Principle component analysis (PCA) of sputum proteomes for PTB (red), LTBI (blue) and negative community controls (NCC, green). Two principle components explaining 15.8% and 14.1% of the variance among the groups are displayed. The data represent quantities of 432 human proteins. No separation of clusters is observed for the LTBI and NCC subjects while PTB datasets cluster separately.
Subset of differentially abundant proteins (PTB vs LTBI).
Volcano plot depicting protein abundance differences for the comparison of PTB and LTBI groups. Data are derived from sputum shotgun proteomic analyses. The unequal variance Welch t-test with multiple testing corrections was used in the Perseus software, and 103 proteins (marked with UniProt short names) had differences with a P-value < 0.01 and a fold change > 2. Red and blue dots denote proteins increased and decreased in the PTB group, respectively.
Gene Ontology (GO) biological process enrichments based on differentially abundant proteins (PTB vs. LTBI). The top-10 enriched terms and their significances (P-values) are plotted. The numbers placed next to a bar indicate the 16 proteins in our datasets belonging to that category. GO term analysis details are included in a worksheet of a Supplemental Dataset (File S5).
Protein network analysis and functional enrichment clusters. The network was built from 103 differentially abundant proteins comparing PTB and LTBI sample groups as input data and the String App in Cytoscape software. The score cut-off for interaction confidence was set to 0.4. Color coding is in accordance with the fold changes. Diamond shape depicts proteins associated with a response to stimulus. Protein clusters were annotated based on enrichment, a function embedded in Cytoscape.
3.4 α-1-Acid glycoproteins
Both complement system activation and negative regulation of endopeptidase activities are elements of the acute phase response. Proteins with these functions were increased in the PTB group (Figs. 3 and 4). In addition to ferritin, two isoforms of α-1-acid glycoprotein (α1-AGP), also named ORM1 and ORM2, had greater than 4.4-fold increases in the PTB group while no differences were measured comparing LTBI and NCC groups (Fig. 6). α1-AGP is released by alveolar macrophages during pulmonary inflammation [55], in addition to its secretion by hepatocytes into blood plasma. Western Blots for 18 sputum samples revealed a wide range of Mr values of α1-AGP and made proteomic data validation in a defined Mr range difficult (Supplementary File S6). But α1-AGP bands in PTB samples had overall higher staining intensities than LTBI and NCC samples.

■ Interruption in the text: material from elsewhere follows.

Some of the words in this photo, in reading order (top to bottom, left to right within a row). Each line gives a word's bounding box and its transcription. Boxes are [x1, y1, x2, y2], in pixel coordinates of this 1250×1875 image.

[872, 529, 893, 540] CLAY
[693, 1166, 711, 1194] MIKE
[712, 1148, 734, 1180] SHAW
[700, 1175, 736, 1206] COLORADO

Quantitative differences for the α-1-acid glycoproteins ORM1 and ORM2 in box plots comparing datasets for PTB vs LTBI as well as PTB vs NCC. The P-values were highly significant indicating the important role for the acute phase reactants in modulating the PTB pathology. LFQ values are based on summed MS1 peak integrations for all peptides assigned to protein of origin.

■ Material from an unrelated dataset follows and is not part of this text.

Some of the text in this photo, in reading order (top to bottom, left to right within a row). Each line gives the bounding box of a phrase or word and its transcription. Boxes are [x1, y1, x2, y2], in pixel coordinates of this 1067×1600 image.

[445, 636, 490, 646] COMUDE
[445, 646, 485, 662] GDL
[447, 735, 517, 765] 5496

3.5 Sputum proteomic analyses reveal a few abundance differences comparing LTBI and NCC groups
Five proteins were differentially abundant comparing the IGRA-positive and NCC datasets: lamin B1 (LMNB1), nucleobindin-1 (NUCB1), ribonuclease T2 (RNASET2), lactate dehydrogenase B chain (LDHB), and translocator protein (TSPO). Detailed data are provided in Supplementary File S5. These proteins had at least two-fold decreases for the LTBI group compared to the NCC group (Fig. 7) and may be biomarkers in sputum to discern the latent disease stage from healthy controls. Of course, if inaccuracies in IFN-γ release data and LTBI assignments occurred, differential analyses of sputum proteome data (LTBI vs NCC) are adversely affected.
Volcano plot depicting protein abundance differences comparing the LTBI and NCC groups. A P-value < 0.01 and a fold change > 2 were applied to identify the differentially abundant proteins (each denoted in green and marked with the UniProt short name).

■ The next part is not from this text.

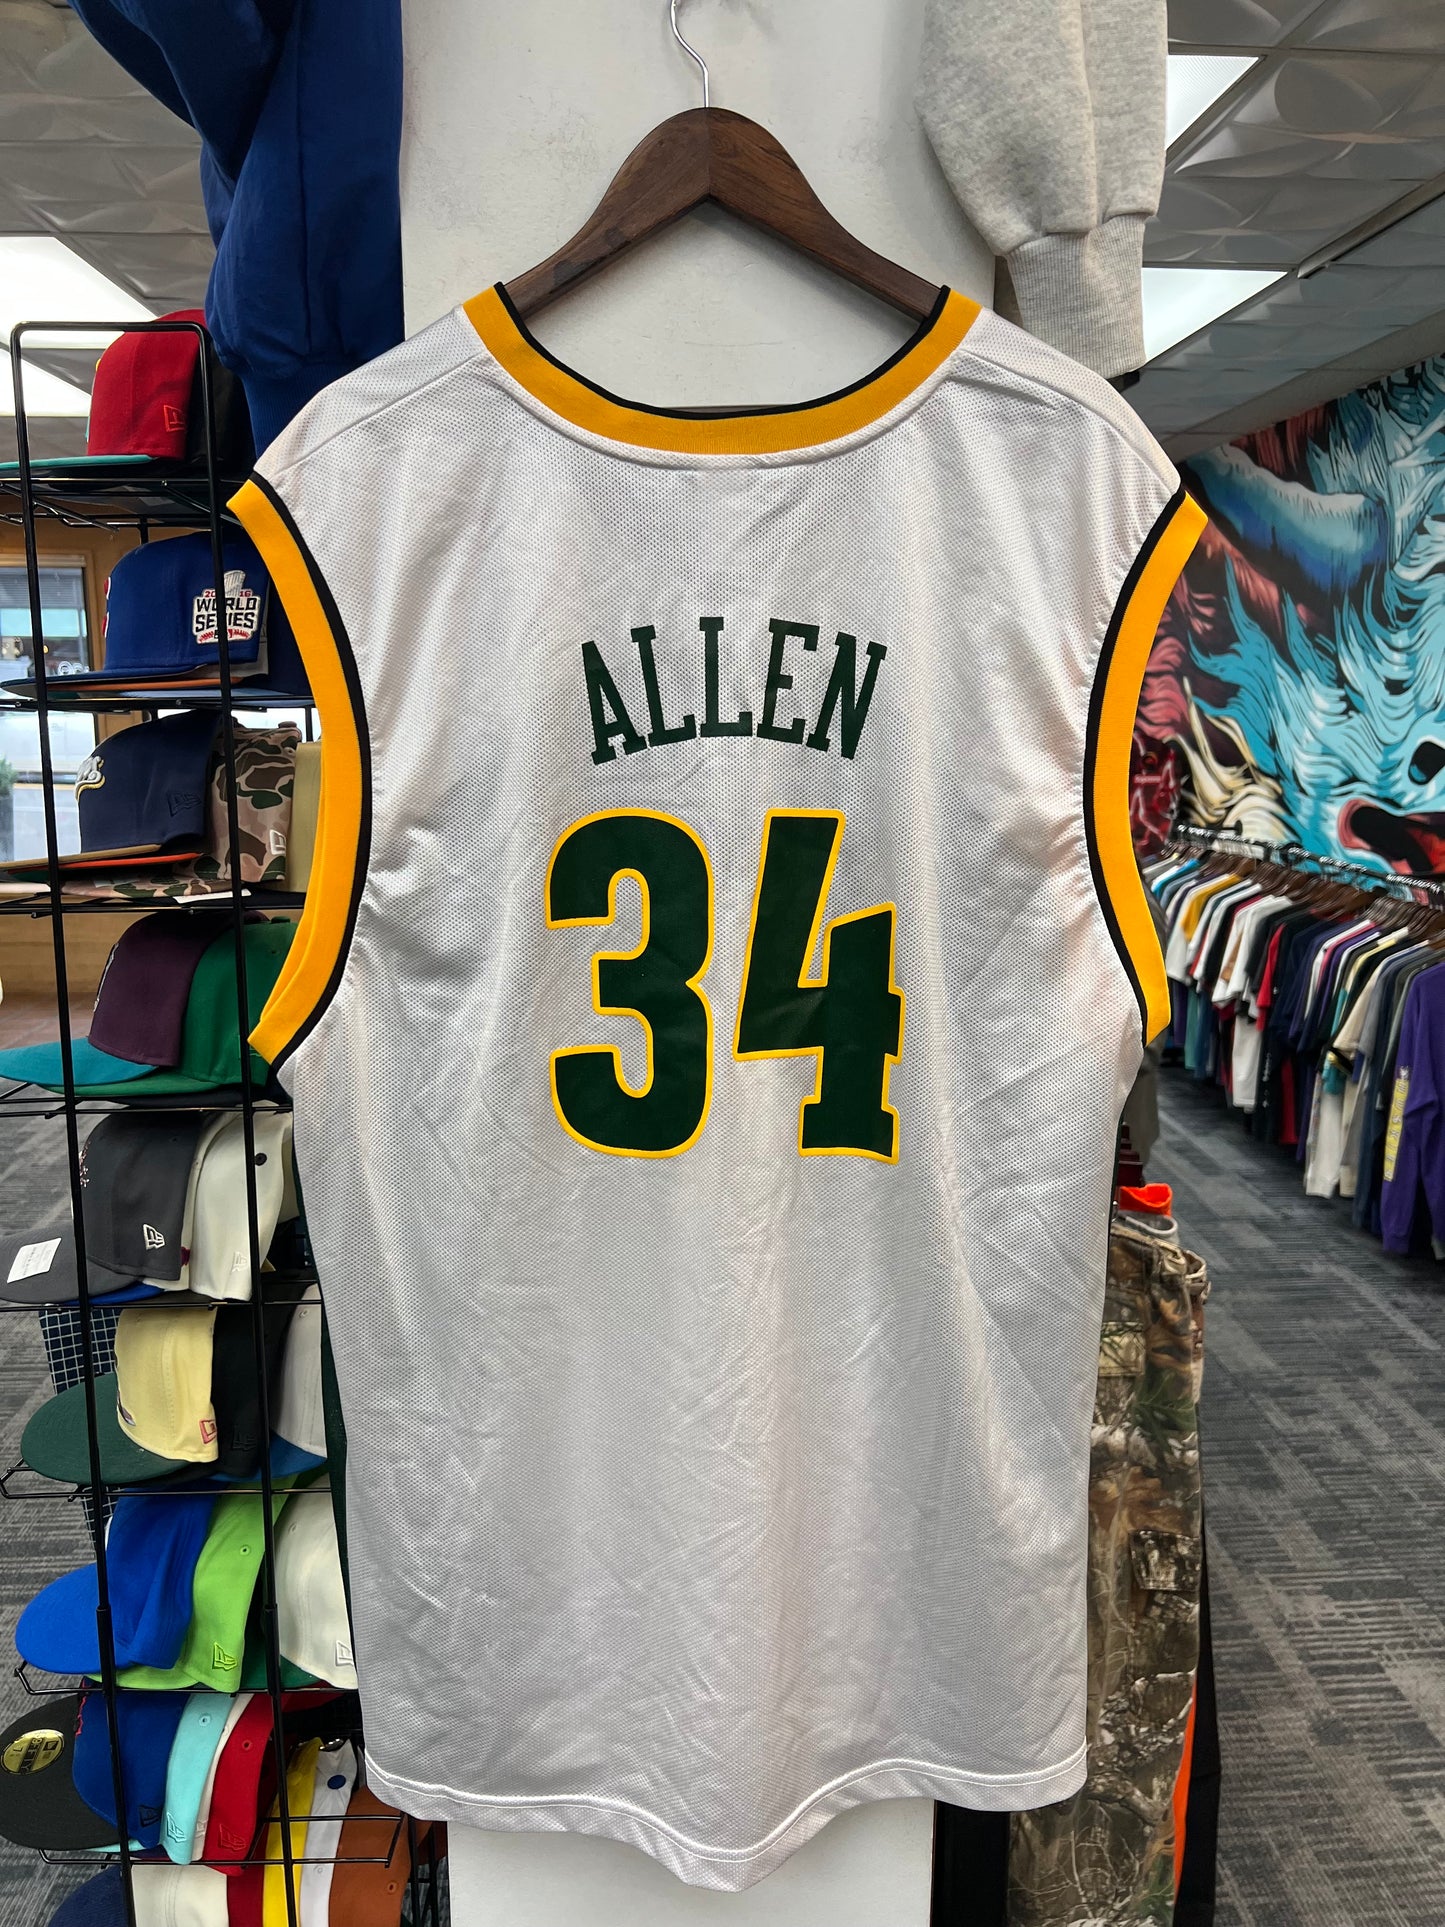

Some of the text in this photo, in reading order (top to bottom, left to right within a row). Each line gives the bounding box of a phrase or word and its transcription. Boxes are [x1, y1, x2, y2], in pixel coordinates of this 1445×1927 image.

3.6 Microbiome comparisons reveal altered abundances for Rothia and Haemophilus in the comparison of PTB and LTBI cohorts
Using the V4 region of 16S rRNA to classify sputum microbial taxa, we determined Streptococcus to be the most abundant genus (Fig. 8) and noted the absence of α-diversity differences at the level of genera (Supplementary File S7) among the cohorts. There was no separation of the oral microbial profiles of the three cohorts based on PCA data (Supplementary File S8). Mycobacterium, as a genus, was detected only for individuals in the PTB group (adjusted P-value of 3 x 10-11, PTB vs LTBI). This finding generated confidence in the accuracy of the V4-region 16S rRNA sequence analyses (Supplementary File S9). We identified significant abundance differences for the taxa Rothia and Haemophilus. The former genus had a three-fold decrease with an adjusted P-value of 8.9 x 10-8; PTB vs LTBI (Fig. 9). The latter genus had a 2.2-fold increase with an adjusted P-value of 0.029; PTB vs LTBI. Interestingly, Rothia and Haemophilus were also the on average most abundant genera for their respective phyla, Actinobacteria and Proteobacteria (Fig. 8). We identified 13 additional genera with statistically significant differences (adjusted P-value < 0.05), but the fold changes were either lower than 1.5 or the genus had a low number of sequence assignments (Supplementary File S10).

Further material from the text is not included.